Dominio público

Tierra quemada

Elizabeth Duval

Varios niños sostienen pancartas en una manifestación contra el calentamiento global, en Nicosia (Chipre). REUTERS/Yiannis Kourtoglou
Varios niños sostienen pancartas en una manifestación contra el calentamiento global, en Nicosia (Chipre). REUTERS/Yiannis Kourtoglou

Arde el Mediterráneo mientras el informe del IPCC advierte de que los efectos del cambio climático ya son irreversibles y modificarán el planeta en el que vivimos por los próximos siglos o incluso milenios. Mientras tanto, la derecha se empeña en lanzar polémicas estériles sobre la incorporación de una perspectiva socioafectiva al estudio de las matemáticas, sin prestar atención ni a decretos, ni a leyes, ni informes, ni planes: su simple ignorancia les basta para ser felices en su mundo y escandalizarse, ya no por un planeta que arde, sino ante vacíos y muñecos de paja, mentirijillas y escandalitos feministas. Se quema Grecia y el gran problema de la humanidad es que alguien quiera que más mujeres se vayan por ramas de ciencias. Podríamos decir que han perdido el norte, pero nunca han tenido cosa que se le parezca: su centro de gravedad permanente siempre ha sido el vacío, con los ojos llenos de chiribitas y las columnas repletas de banalidades. Le dan la espalda al mundo y debaten sobre lo indignante que es el sexo de los ángeles: ¿Quién da más?
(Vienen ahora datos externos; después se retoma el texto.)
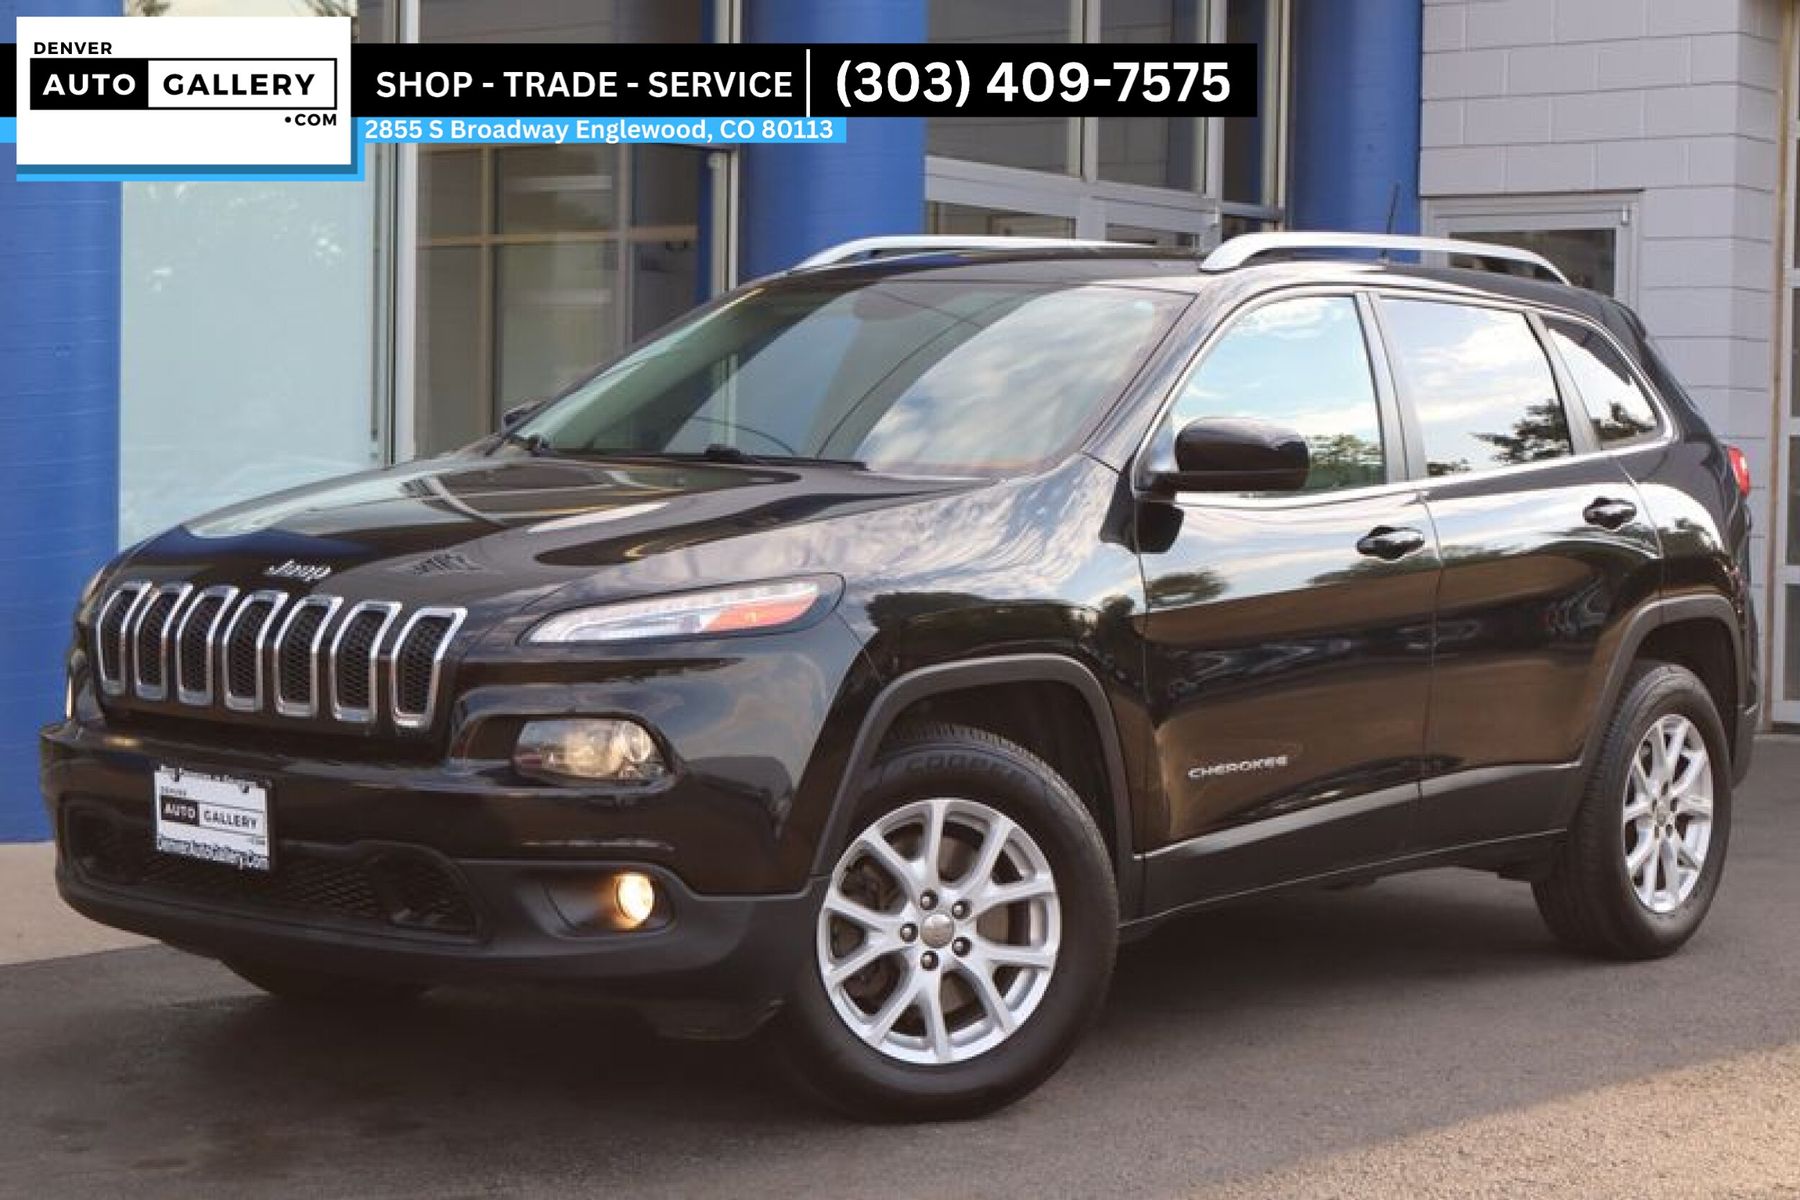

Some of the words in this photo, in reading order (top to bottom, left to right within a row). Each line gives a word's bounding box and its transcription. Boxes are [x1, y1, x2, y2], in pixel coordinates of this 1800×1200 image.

[1187, 755, 1288, 779] CHEROKEE
[164, 802, 197, 820] AUTO
[203, 809, 257, 829] GALLERY
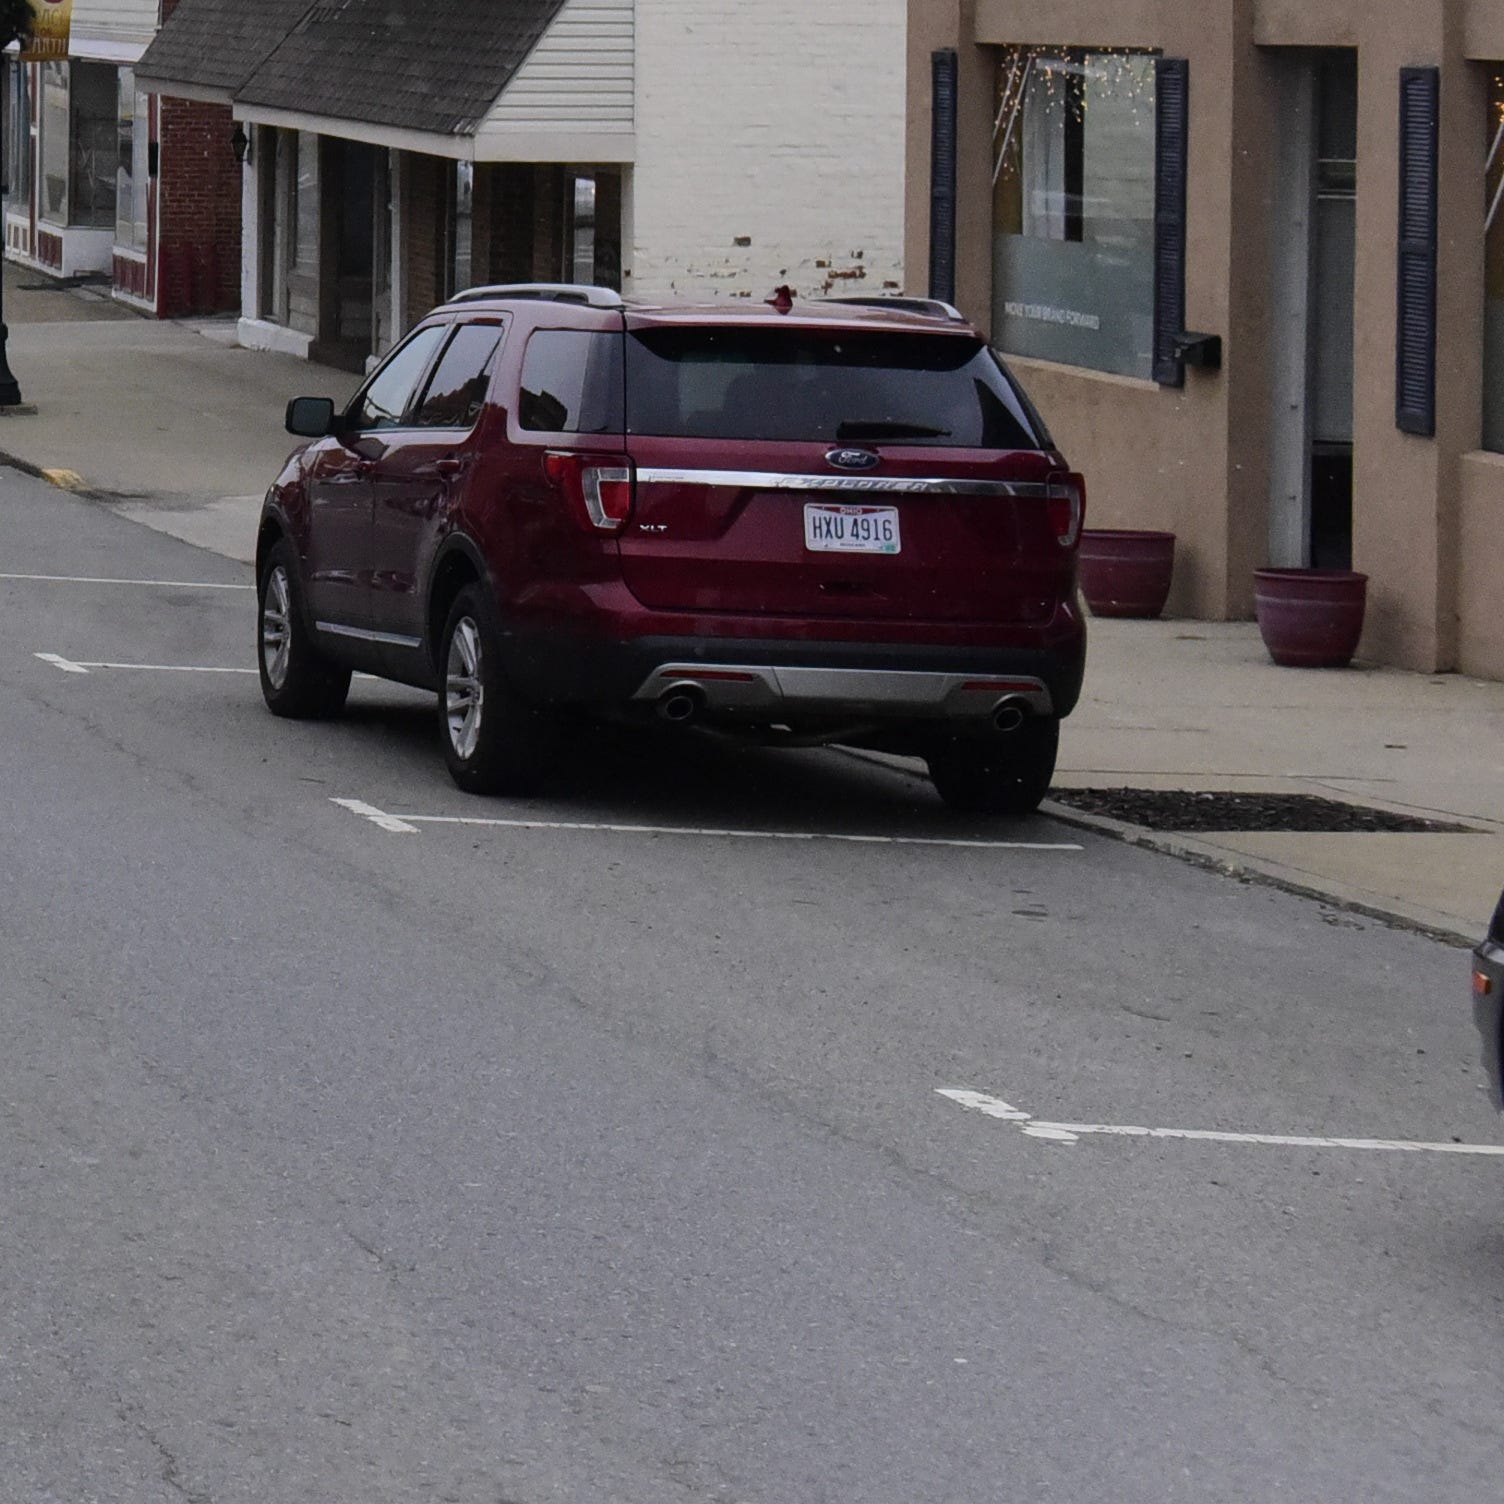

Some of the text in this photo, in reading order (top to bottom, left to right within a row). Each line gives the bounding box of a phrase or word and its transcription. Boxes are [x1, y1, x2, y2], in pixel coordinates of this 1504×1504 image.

[32, 37, 67, 53] ARTH
[837, 451, 868, 465] Ford
[778, 476, 929, 491] EXPLORER
[639, 524, 668, 532] XLT
[813, 516, 892, 541] HXU 4916
Hoy me preguntaban cómo veía yo el futuro y yo pensaba en las imágenes de hace un mes del incendio en el Golfo de México, en la Sonda de Campeche, a pocos metros de una plataforma petrolera. Esas imágenes, de violencia inaudita, me parecerían absolutamente arrebatadoras: el mar ardiendo era lo sublime dinámico, lo enorme, inmenso, excesivo, monstruoso; la belleza que se cuela en medio de la muerte, cuando la existencia responde silenciosamente en obediencia muda. El problema es que somos nosotros los responsables y nos hemos elevado —como raza humana— hasta parecer también una fuerza sobrenatural, un impulso dinámico proyectado al infinito, un mecanismo que se activa y no puede llegar a pararse. Todo esto no lo ha hecho Dios, sino que lo hemos hecho nosotros: qué potentes y qué violentos, qué sobrecogedores, pues en nuestra desmesura nos hemos concebido lo suficientemente importantes como para hipotecar la existencia de todas las generaciones futuras. Y encima se nos exige que tengamos esperanza.
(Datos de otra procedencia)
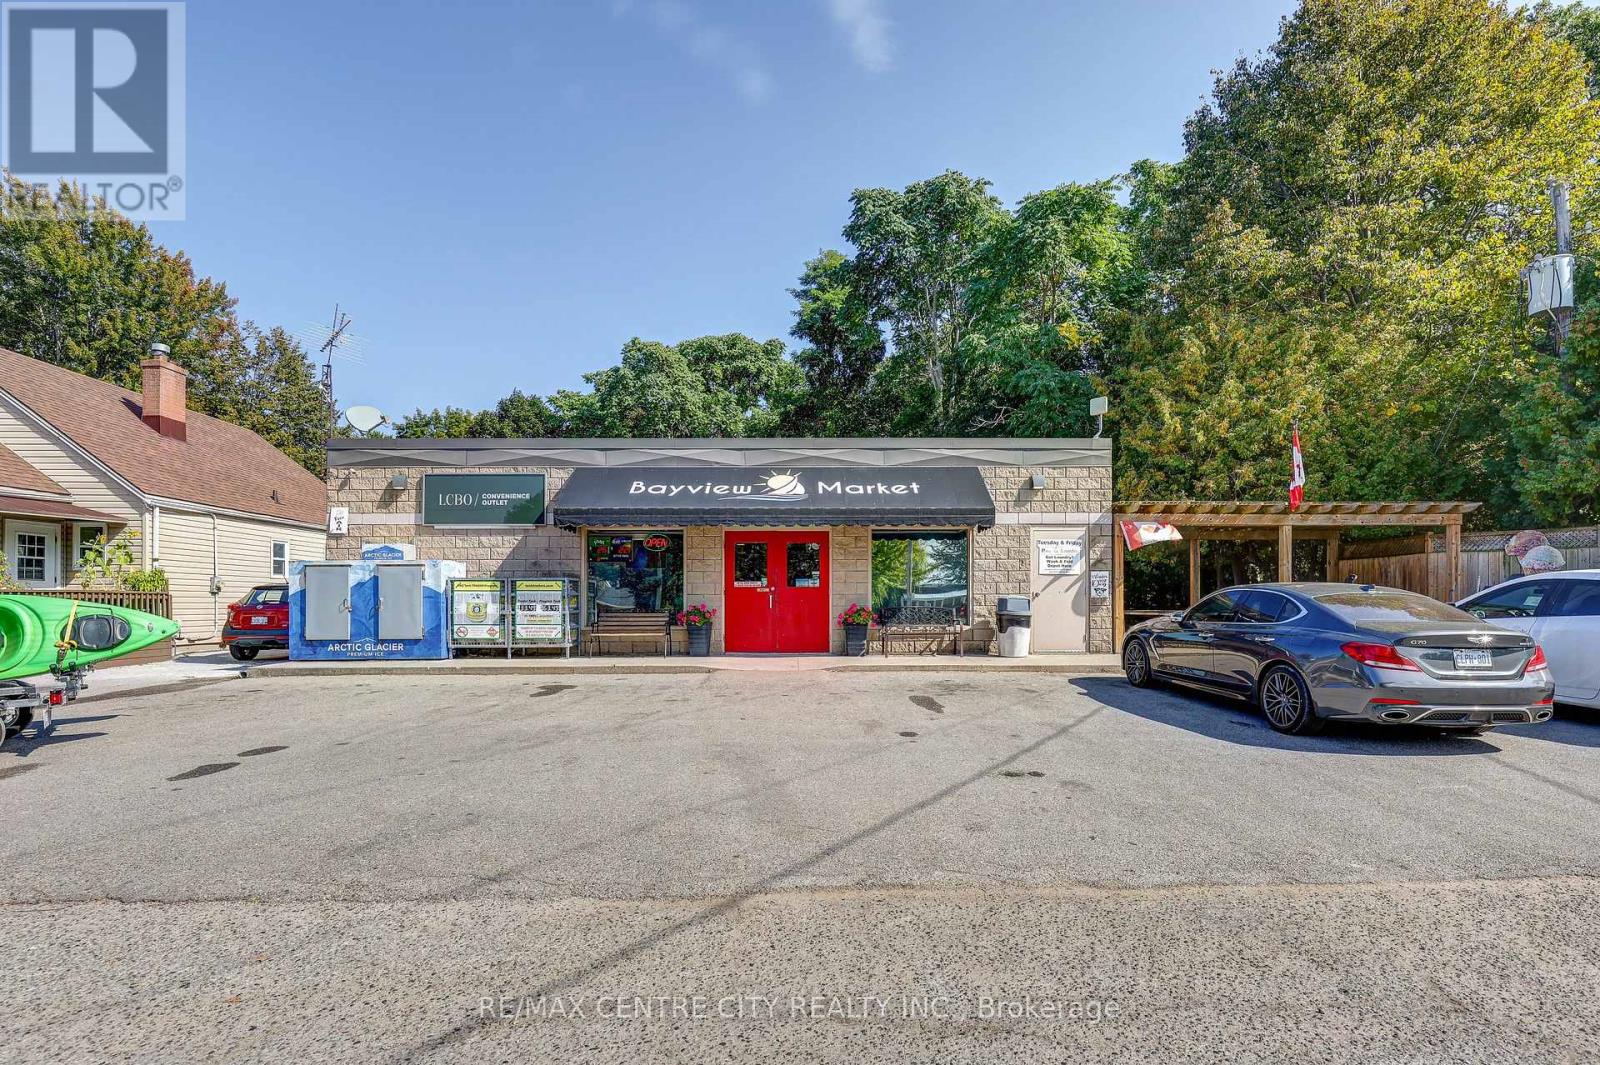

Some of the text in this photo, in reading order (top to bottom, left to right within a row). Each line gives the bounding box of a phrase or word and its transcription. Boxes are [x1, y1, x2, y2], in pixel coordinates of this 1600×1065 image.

[629, 481, 920, 497] Bayview Market
[438, 493, 472, 506] LCBO
[645, 538, 669, 548] OPEN
[327, 643, 404, 651] ARCTIC GLACIER
Cada vez pienso más y con más fuerza que necesitamos ideas para vivir, las que sean; una de ellas es la esperanza de que el mundo no se acaba aquí, de que no estamos condenados a que todo se reduzca a una confederación de hubs aeroportuarios capaces de dinamitar la naturaleza. Desearía que esta última se cobrara su venganza, pero no solo: quisiera creer que, aunque sea demasiado tarde, la civilización acabará dándose cuenta del significado de la palabra urgencia. Necesitamos un mundo en el que reine la esperanza y no la muerte, la multiplicación efervescente de posibilidades e imaginarios, la idea de que aún podremos no superar los 1,5 grados centígrados "si hacemos reducciones drásticas". Necesitamos concebir que habrá otras maneras de ser, otras formas que poco tengan que ver con las nuestras; confío, a pesar de todo, en que nos salvaremos de alguna manera u otra del desastre climático. Pero luego escucho la conversación, tan ombliguista, y casi se disipan mis esperanzas: miro al cielo y pienso que será rojo, como si un cometa le arrancara las nubes.
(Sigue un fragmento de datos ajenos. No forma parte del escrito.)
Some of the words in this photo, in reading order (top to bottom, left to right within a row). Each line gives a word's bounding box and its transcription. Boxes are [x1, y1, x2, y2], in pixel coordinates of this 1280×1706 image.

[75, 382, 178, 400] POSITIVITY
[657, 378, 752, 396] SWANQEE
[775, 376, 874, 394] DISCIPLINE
¿Qué le dijo la serpiente a Eva? No moriréis, no; sino que sabe Dios que el día que comáis de él, serán abiertos vuestros ojos, y seréis como Dios, sabiendo el bien y el mal. ¿Cómo podríamos morir? Entre un bunker estrafalario, escapadas a Nueva Zelanda o tentativas de imaginarse en el espacio exterior, los irresponsables prosiguen con sus irresponsabilidades de toda la vida. Al resto nos toca la tarea de imaginar cómo deshacernos de la irresponsabilidad; a los demás nos toca comer el fruto que nos permita negar la muerte, separar el bien del mal. Lo daremos todo por no acabar como Creonte; ya no tierra despoblada, sino muerta, sin reyes ni capital que superen los límites físicos de la existencia. No son fuerzas, no es lo sublime, no son infinitos, y demos gracias; sólo gracias a eso podremos asegurarnos de que el mundo de mañana no siga con su política de tierra quemada, de morir todos en barbecho.